Despite the fact that her education ended at the eighth grade because her father needed help on the farm, Grandma was wise about life, and every so often, she’d offer a piece of advice that simply stuck in my mind.

Like this one: “Jill, you’ll never find love on a barstool.”

At the time, I laughed off because I was dating a fella who I truly thought had the potential to be “the one.” After all, the “barstool” is where we first connected. But typically, as all good things do, our relationship came to an end, and just over a year later, the “we” became just “me.”

I guess Grandma was right.

In her later years of life, I would often swing by her home to pick her up and bring her to our family gatherings. It was during one those moments on the road that we truly talked – and not about the weather or how the crops were doing – but we truly talked about life. On one particular drive, she told me, “When the Grandma goes, so does the family.”

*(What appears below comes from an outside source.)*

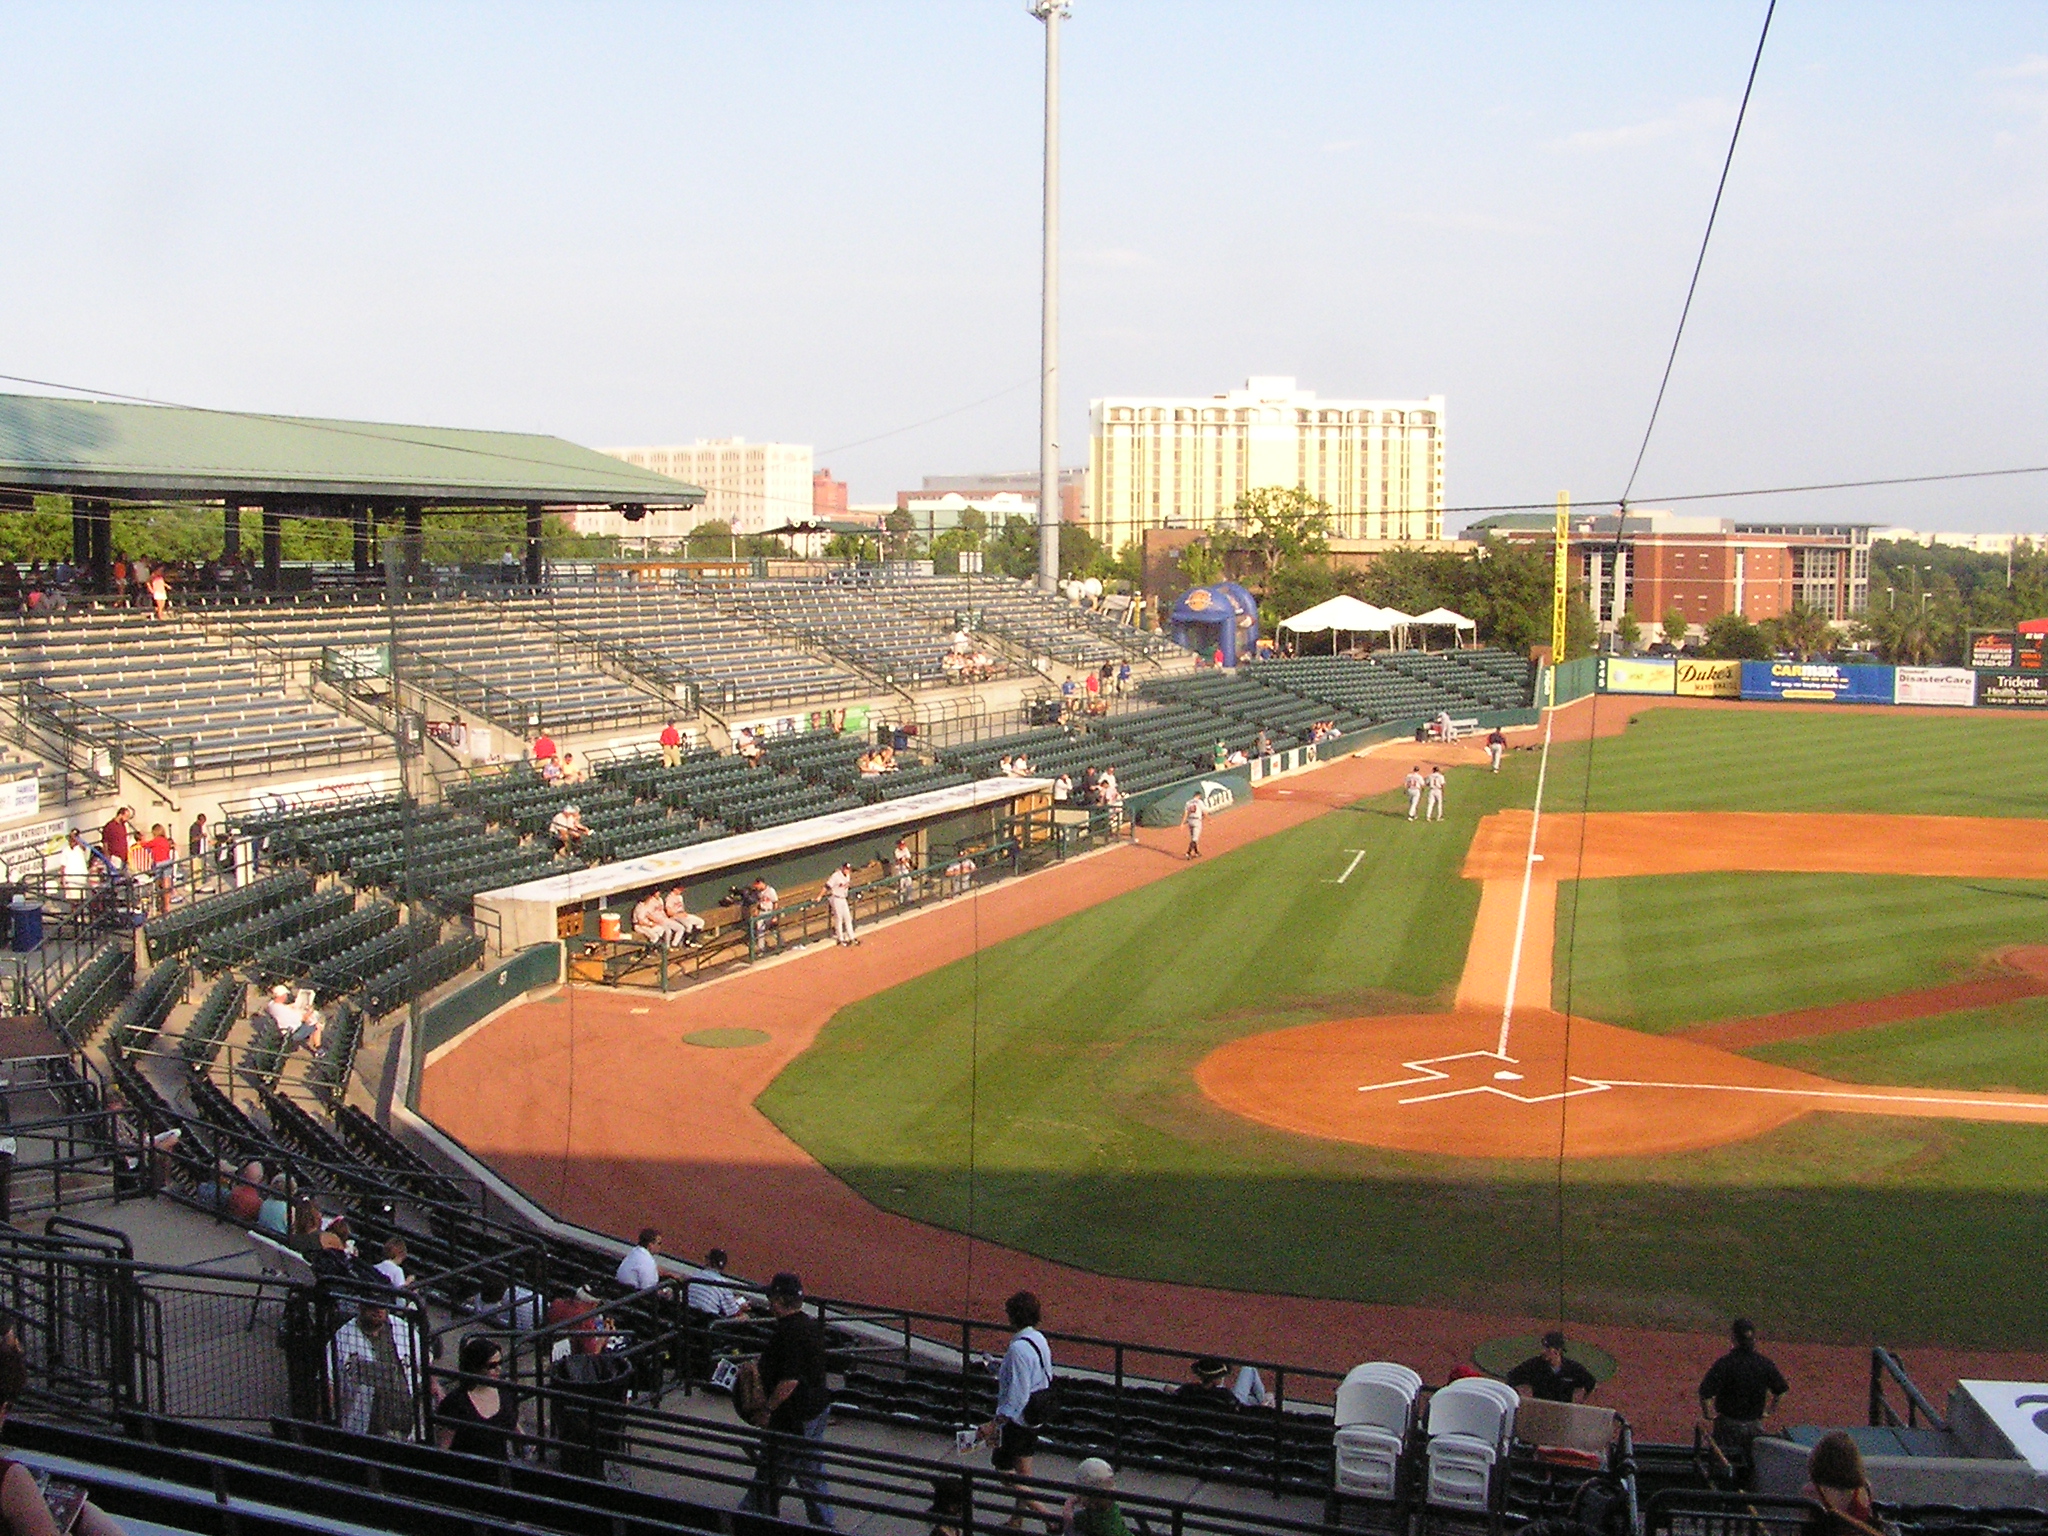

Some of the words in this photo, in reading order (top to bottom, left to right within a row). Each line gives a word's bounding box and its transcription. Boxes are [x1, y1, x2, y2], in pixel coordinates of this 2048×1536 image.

[1678, 665, 1731, 682] Duke's
[1899, 674, 1972, 685] DisasterCare
[1997, 676, 2039, 688] Trident
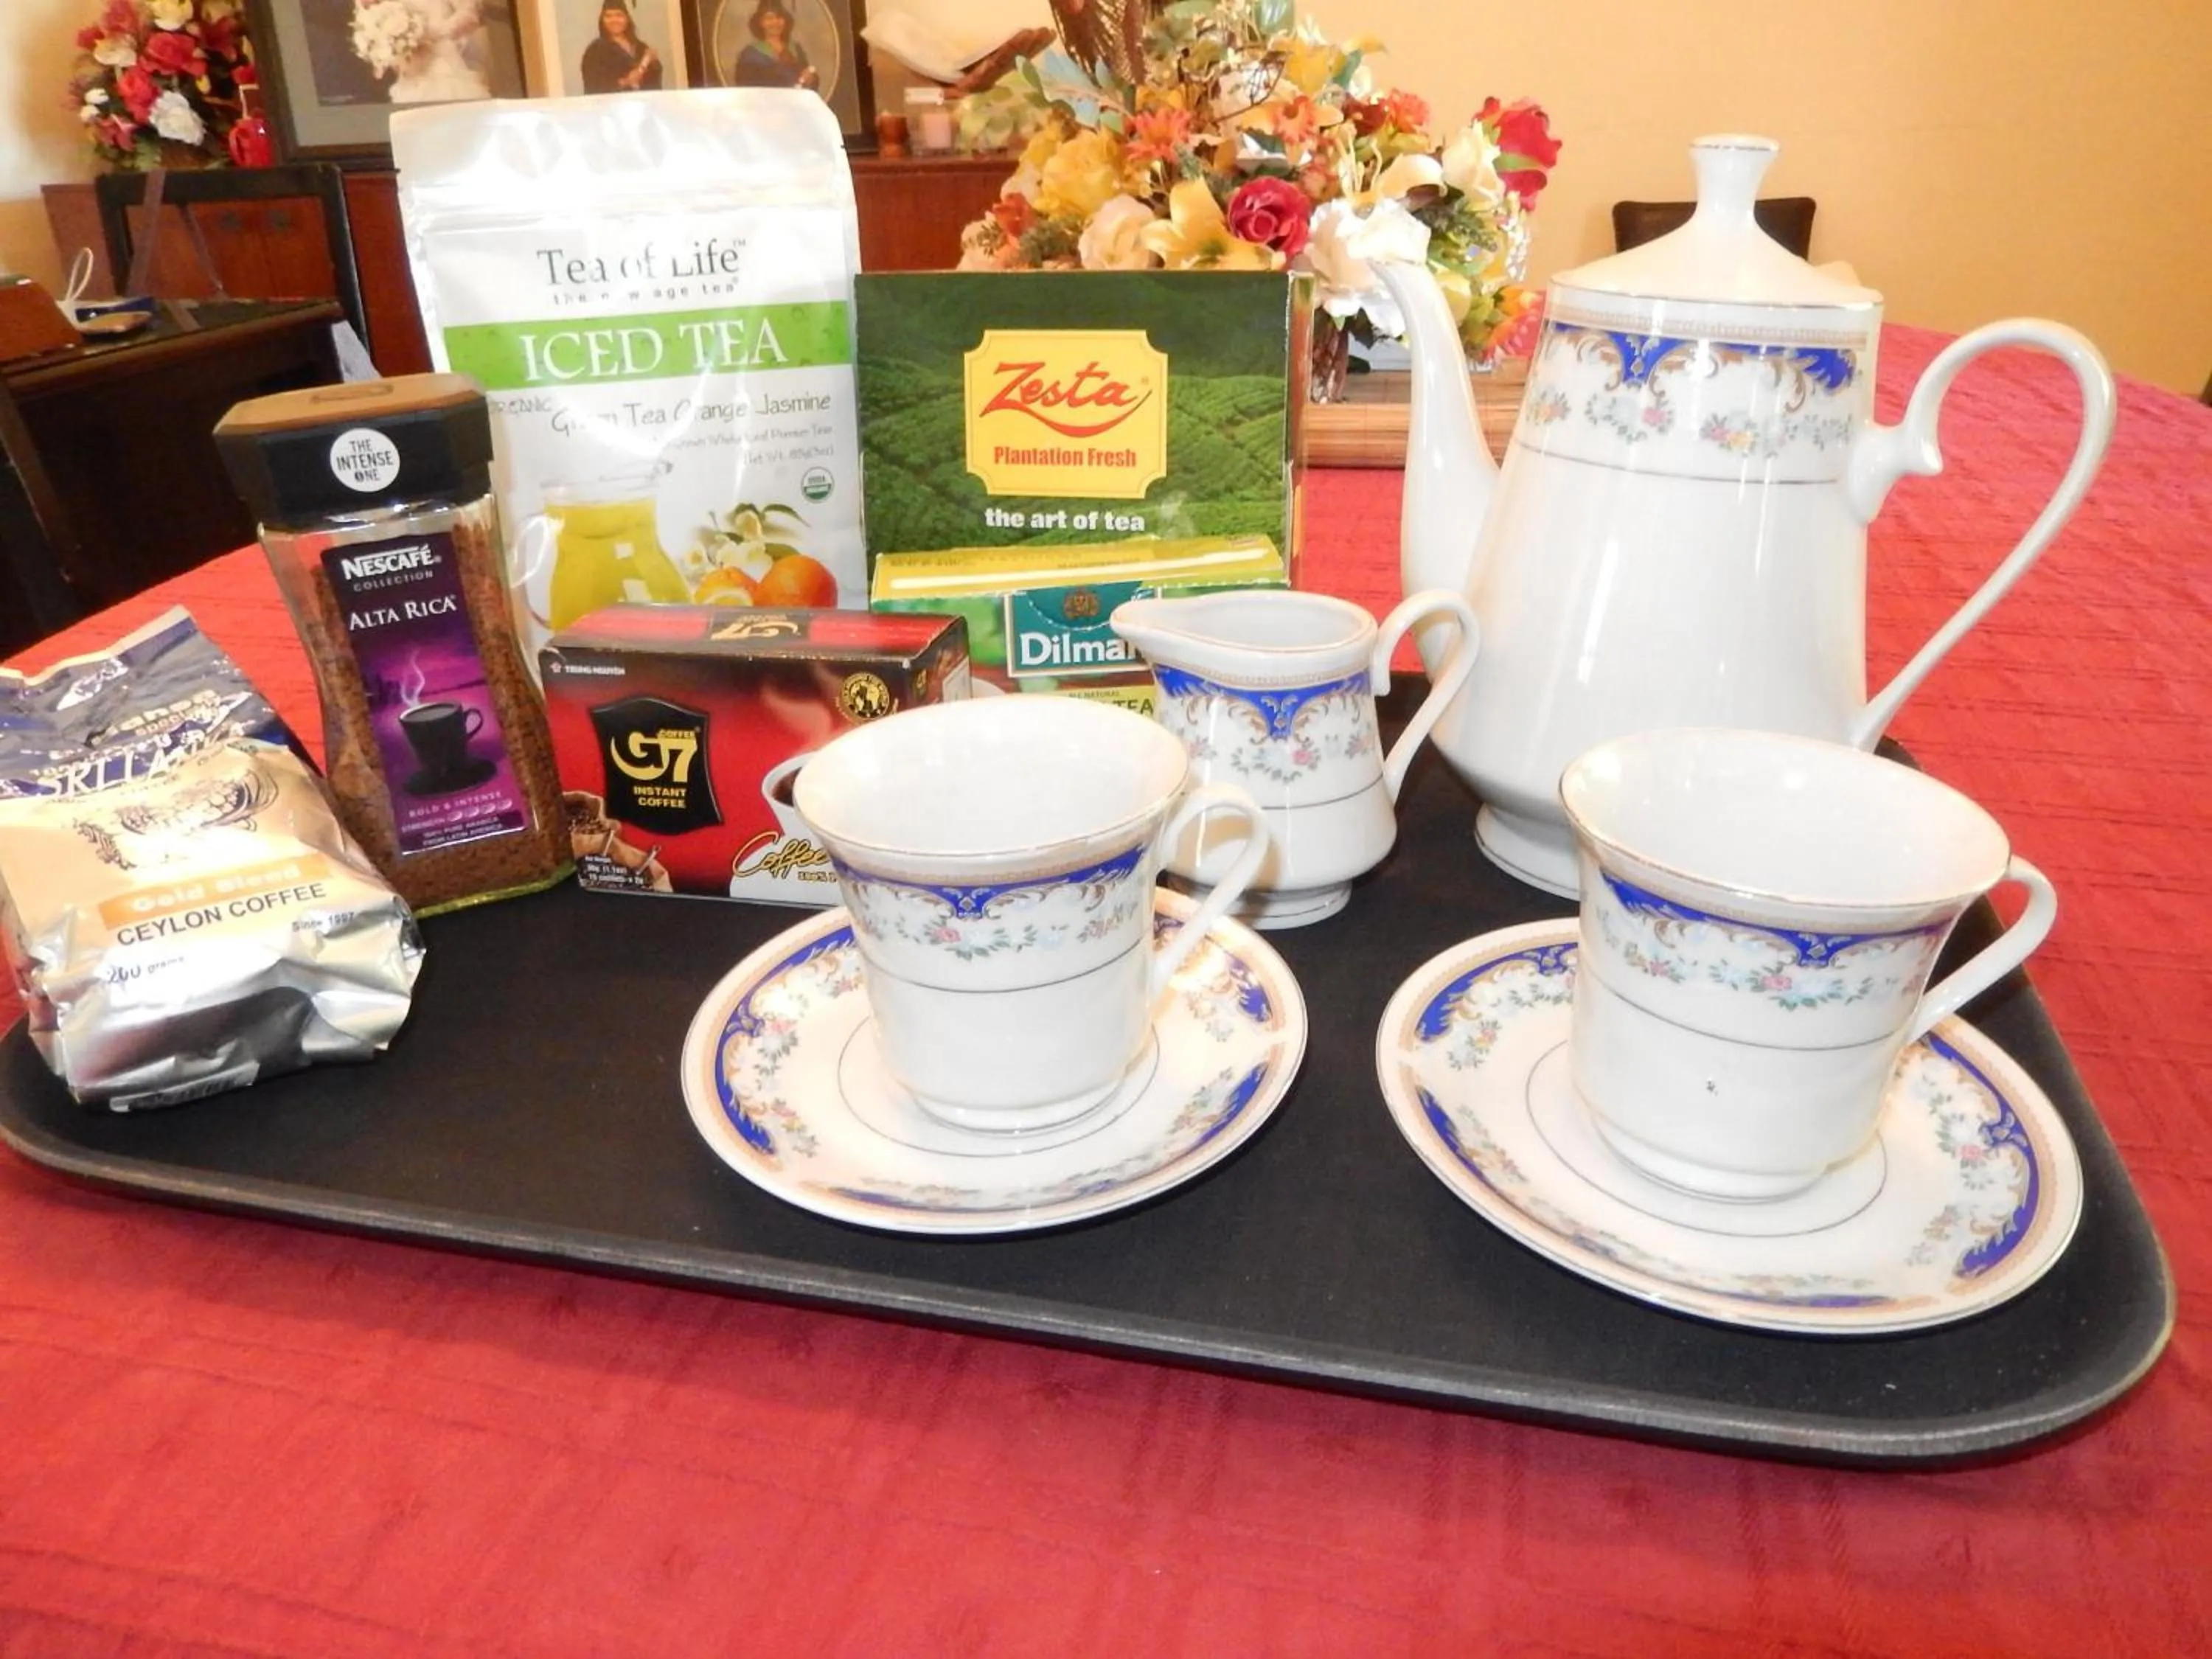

I couldn’t argue that one, as I was fortunate at that time to have both of my grandmothers, each reaching their ninth decades of life (and beyond). But now years later, I find some truth in her words. The Schultz side of my family gathers from time to time at the Pizza Ranch in Mankato, Minn. While none of us live there, it serves as a central meeting place for the large majority of us, and no one has to cook – or do the dishes. As for the Meier side of the family, we’ve made it a practice to gather when Aunt Karen comes to Minnesota.

And that’s what occurred Sunday. Aunt Karen, who now calls Arizona her home, was back for a high school class reunion.

I got to thinking about the last time Aunt Karen came for a visit. My Mom, Aunt Doris, Uncle Marty and Cousin David were all there. But this time, they weren’t. Sadly, the ugly disease of cancer won the battle against each of them.

As a kid, family gatherings were – at a minimal – once a month. Without fail, we gathered for Easter, Thanksgiving and Christmas. And of course, someone was always having a birthday or an anniversary, getting confirmed, graduating, exchanging ‘I do’s’ or celebrating a new arrival to the family with their baptism.

Today, while weddings and graduations are the happier events to attend, they’ve now become fewer and fewer. Instead, funerals are what bring us together more often than naught.

As it always does, time simply went too fast on Sunday, so I made a point to stay as long as I could that day, because as life goes on, the next time we gather, another member of the Meier clan may no longer be here.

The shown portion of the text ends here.